Strategy & Practice Management
How to facilitate a greater funds take-up in Asia
Carol Wong of Merian Global Investors
Nov 18, 2015
Asset managers need to do more to create products and sales tools that help investors in Asia see the value in longer term investing via funds, says Carol Wong of Old Mutual Global Investors (OMGI).
The real challenge with providing investment advice in Asia stems from the fact that more often than not these clients don’t know what they want.
Their desire for high returns yet as little risk as possible is a redundant concept. Plus, it doesn’t dot all the ‘i’s nor cross all the ‘t’s.
This makes it increasingly important for their advisers to ask more probing questions about their clients’ needs – and listen to what they say.
Indeed, advice in wealth management should be simple, says Carol Wong, managing director at OMGI in Asia Pacific. “It is about looking at the needs of the client and then suggesting what is really suitable for them.”
The complicating factor often comes from the individual giving the advice.

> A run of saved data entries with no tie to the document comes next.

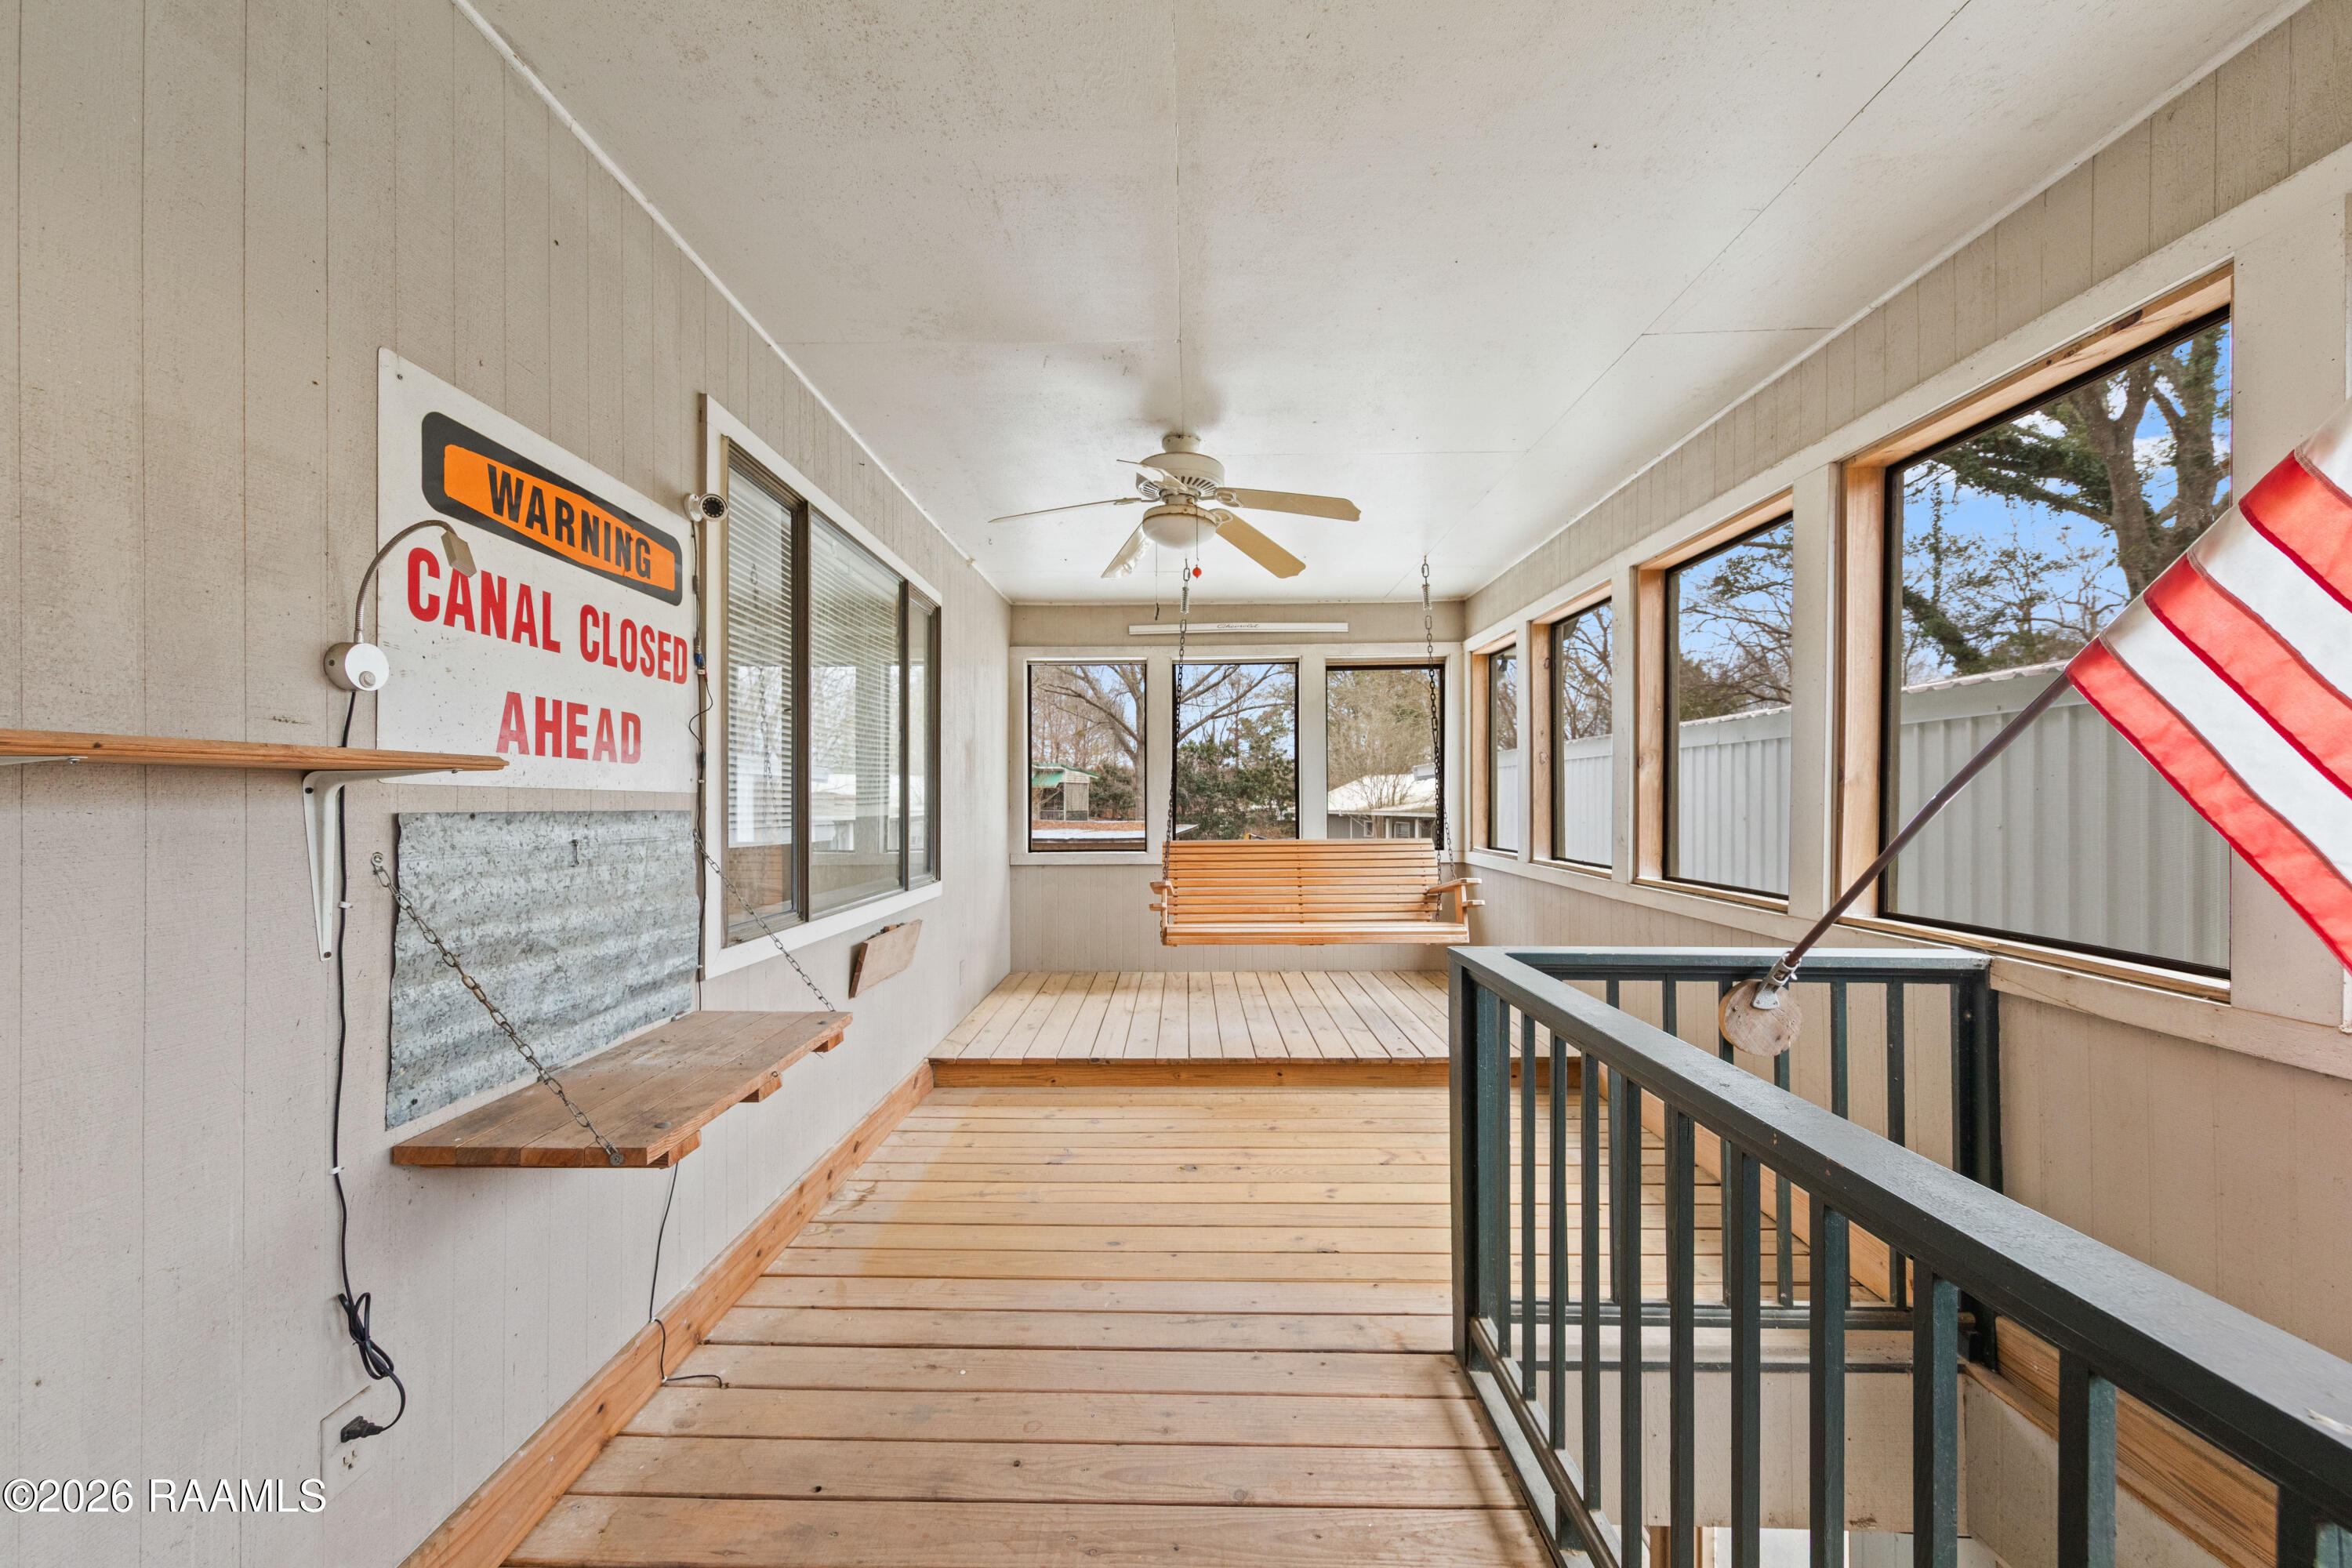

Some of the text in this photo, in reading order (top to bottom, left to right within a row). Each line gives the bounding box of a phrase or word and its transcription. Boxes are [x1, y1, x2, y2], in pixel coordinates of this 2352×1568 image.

[488, 463, 652, 580] WARNING
[408, 547, 688, 684] CANAL CLOSED
[496, 691, 641, 764] AHEAD
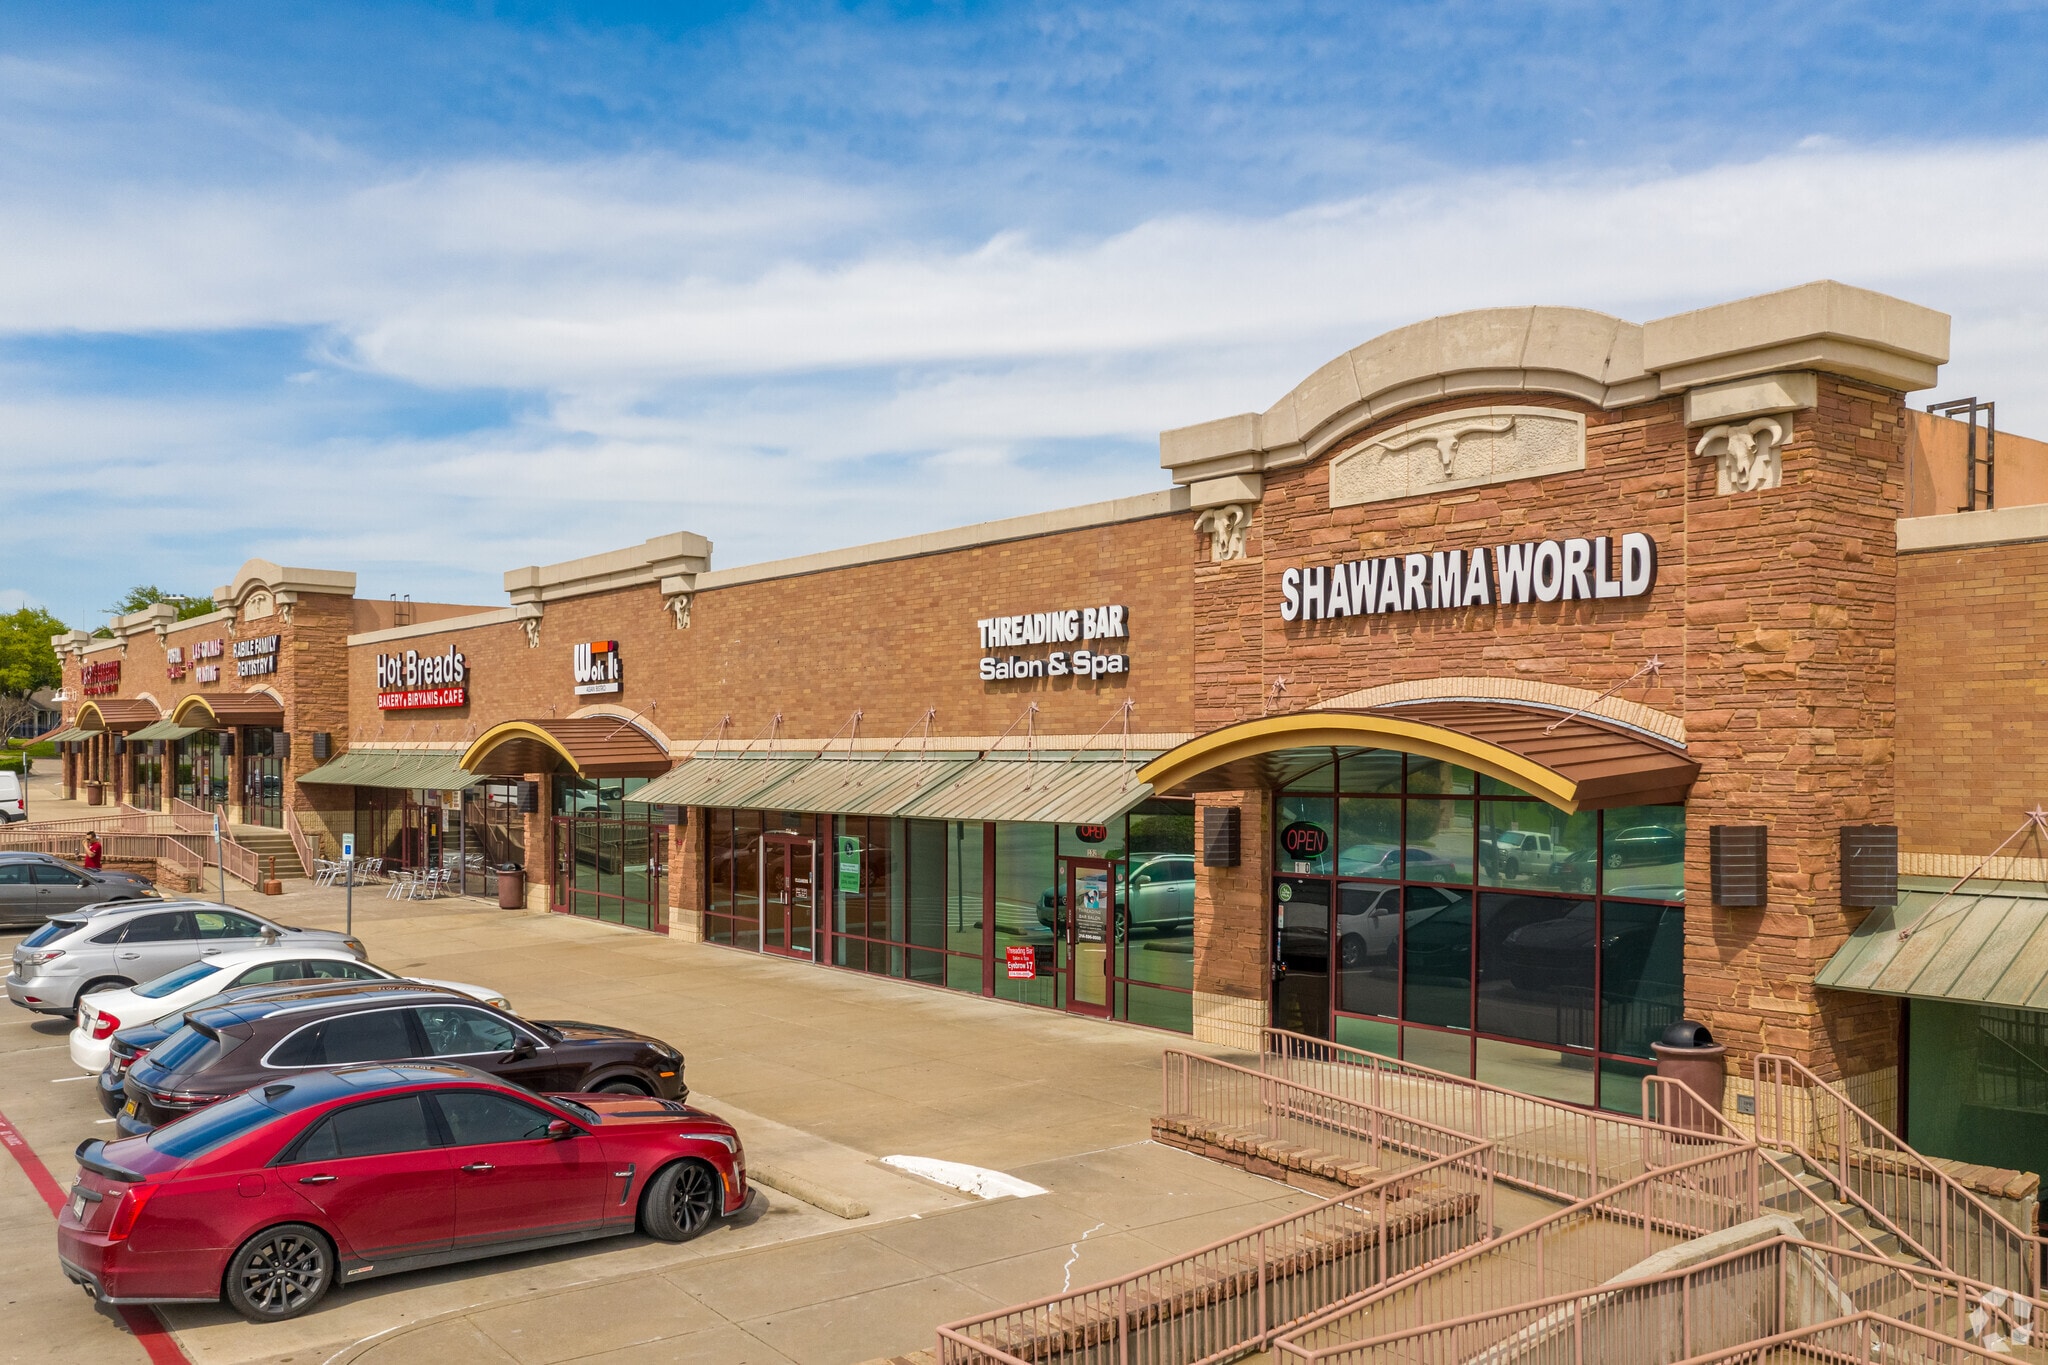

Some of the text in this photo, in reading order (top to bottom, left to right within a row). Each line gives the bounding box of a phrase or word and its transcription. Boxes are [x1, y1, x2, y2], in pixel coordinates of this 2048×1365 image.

[1280, 532, 1652, 621] SHAWARMA WORLD
[977, 605, 1124, 649] THREADING BAR
[255, 635, 277, 655] FAMILY
[238, 657, 268, 677] DENTISTRY
[377, 644, 464, 689] Hot Breads
[574, 642, 619, 683] Wok It
[979, 655, 1043, 681] Salon
[1047, 652, 1069, 676] &
[378, 689, 464, 708] BAKERY BIRYANIS CAFE
[1081, 825, 1107, 839] OPEN
[1287, 829, 1325, 852] OPEN
[1006, 947, 1026, 956] Threading
[1008, 962, 1026, 971] Eyebrow
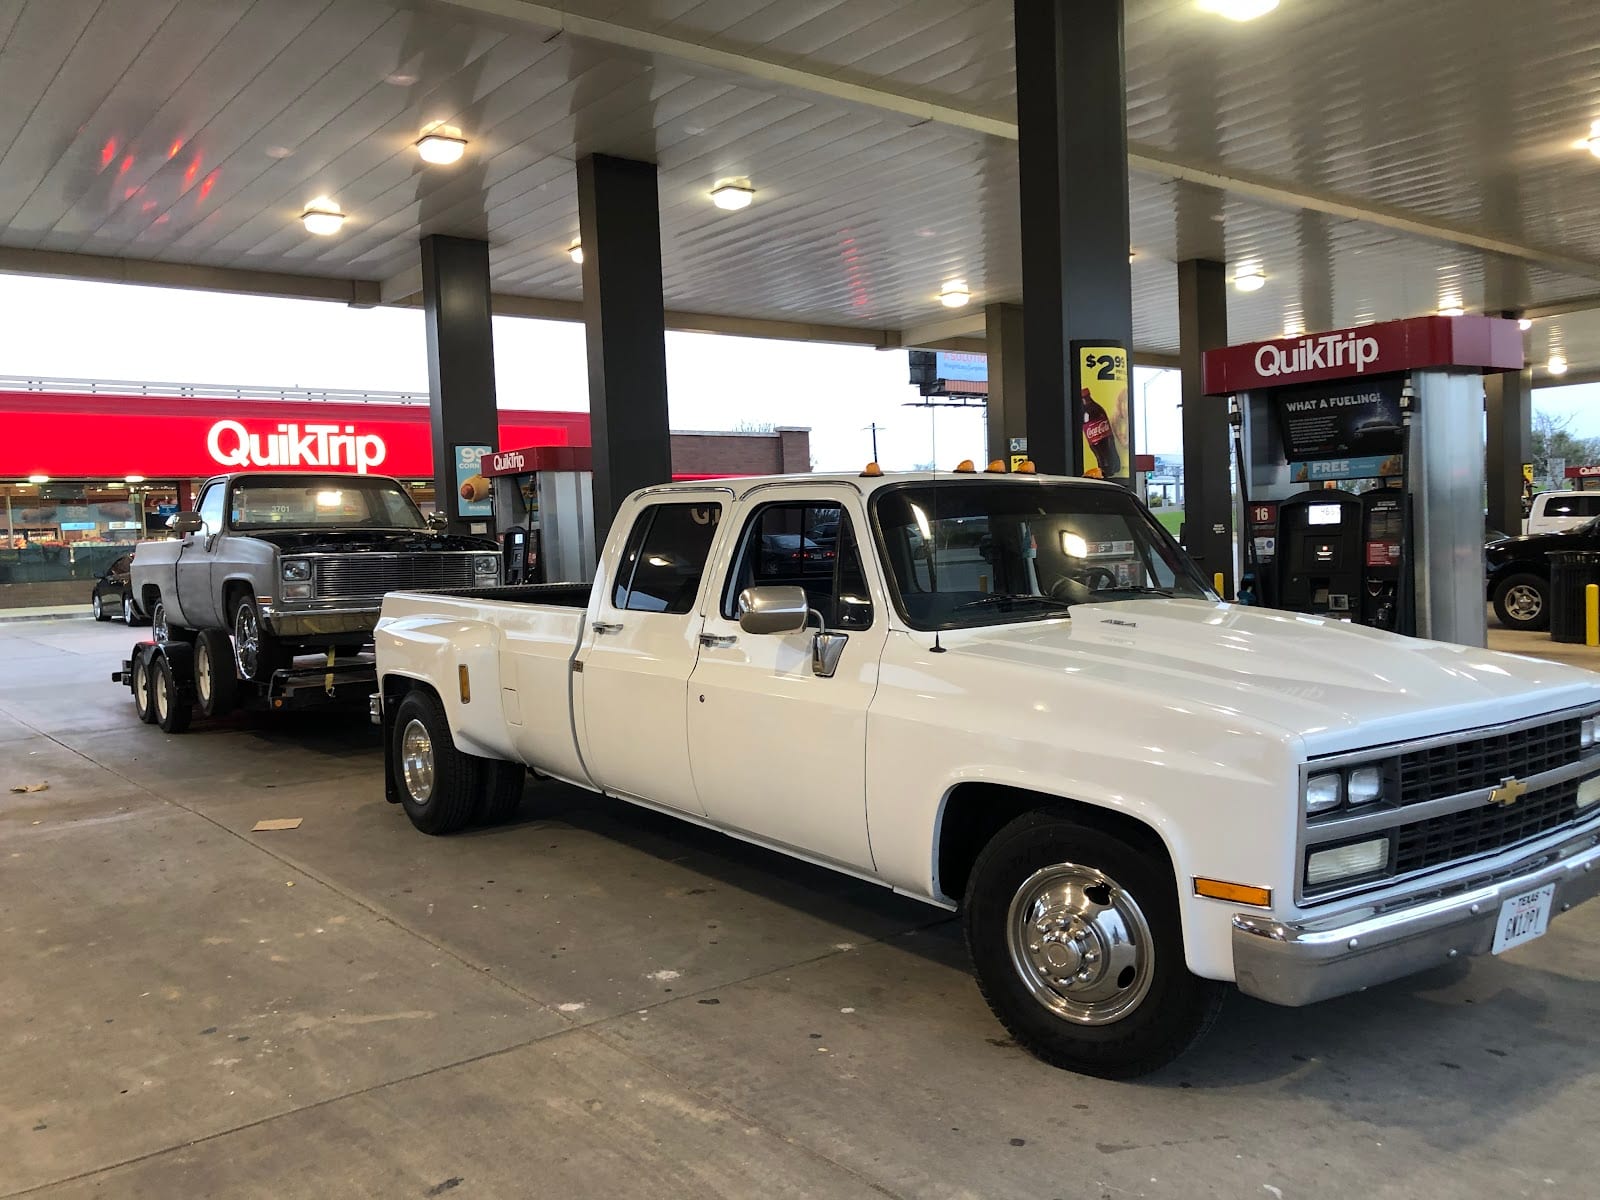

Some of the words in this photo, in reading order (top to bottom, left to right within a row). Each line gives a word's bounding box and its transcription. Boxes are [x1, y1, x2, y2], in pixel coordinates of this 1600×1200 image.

[1255, 332, 1379, 376] QuikTrip
[1286, 399, 1317, 412] WHAT
[1319, 400, 1328, 409] A
[1329, 392, 1381, 408] FUELING!
[207, 419, 386, 473] QuikTrip
[493, 452, 525, 472] QuikTrip
[1312, 460, 1350, 474] FREE
[271, 505, 290, 513] 3701
[1254, 507, 1269, 521] 16

In Wong’s opinion, an effective salesperson – whether working for an asset manager or within an advisory firm –must understand what clients want plus be technically sound when it comes to the markets.
“This comes from knowing the needs of their family and them as an individual, in the short-term as well as over the long term.”
Building deeper relationships
The reality of dealing with Asian investors, however, is that they are typically focused on individual transactions for short-term gains. With advisers often benchmarked against weekly or monthly sales targets, this leads to a churning of funds, for example, without really considering the overall financial objectives of that client.
This mentality is often cited by asset and wealth managers as the cause of the limited penetration of funds among individual investors in the region.
Wong also attributes this to the fact that clients are not as aware of the benefits of investing in funds as their counterparts in Europe and the US.
Compounding this problem is the relatively little time advisers spend on education in this area – motivated instead by the commissions they get from trading.
The homogeneity in the marketing and communications done by asset and wealth managers must also bear some of the blame.
Preparing for volatility
In addition to changes required in the approach to how advisers sell funds, the market would benefit from more products which meet the appetite of investors at a particular point in time.
For example, many Chinese clients tend to buy funds which are in vogue and pay the highest dividends at the time.
What Wong would prefer to see, is the industry offering more market neutral, low volatility alternative funds.
This type of approach would augur well for investors in 2016, according to Wong. She predicts that with continued market volatility, funds that offer steadier rates of return, irrespective of market movements, will be most successful.
With this in mind, the market-neutral feature of her firm’s Global Equity Absolute Return Fund might gain more traction as an alternative to a bond or equity in an already volatile environment, she explains.
“The purpose of this fund is to produce a stable and predictable income return with a low correlation to the market,” she says. With a volatility of only around 4% to 5%, investors will have more peace of mind.
It is this type of approach which has led to OMGI’s success with many of the leading private banks across Hong Kong and Singapore over the past 12 to 18 months – in line with the asset manager’s strategy in the region.
OMGI’s backing by the trustworthy brand of the Old Mutual Group, which manages more than USD500 billion in assets, has helped give comfort to these distributors. As have some of the senior hires it has made since mid-2014 to base experienced portfolio managers in the region for the first time.
To build on this, the firm has also increased its product offering available locally. The USD150 million Old Mutual Europe (ex UK) Smaller Companies Fund and the USD292 million Old Mutual North American Equity Fund were authorised in September 2015 for distribution to the public in Hong Kong.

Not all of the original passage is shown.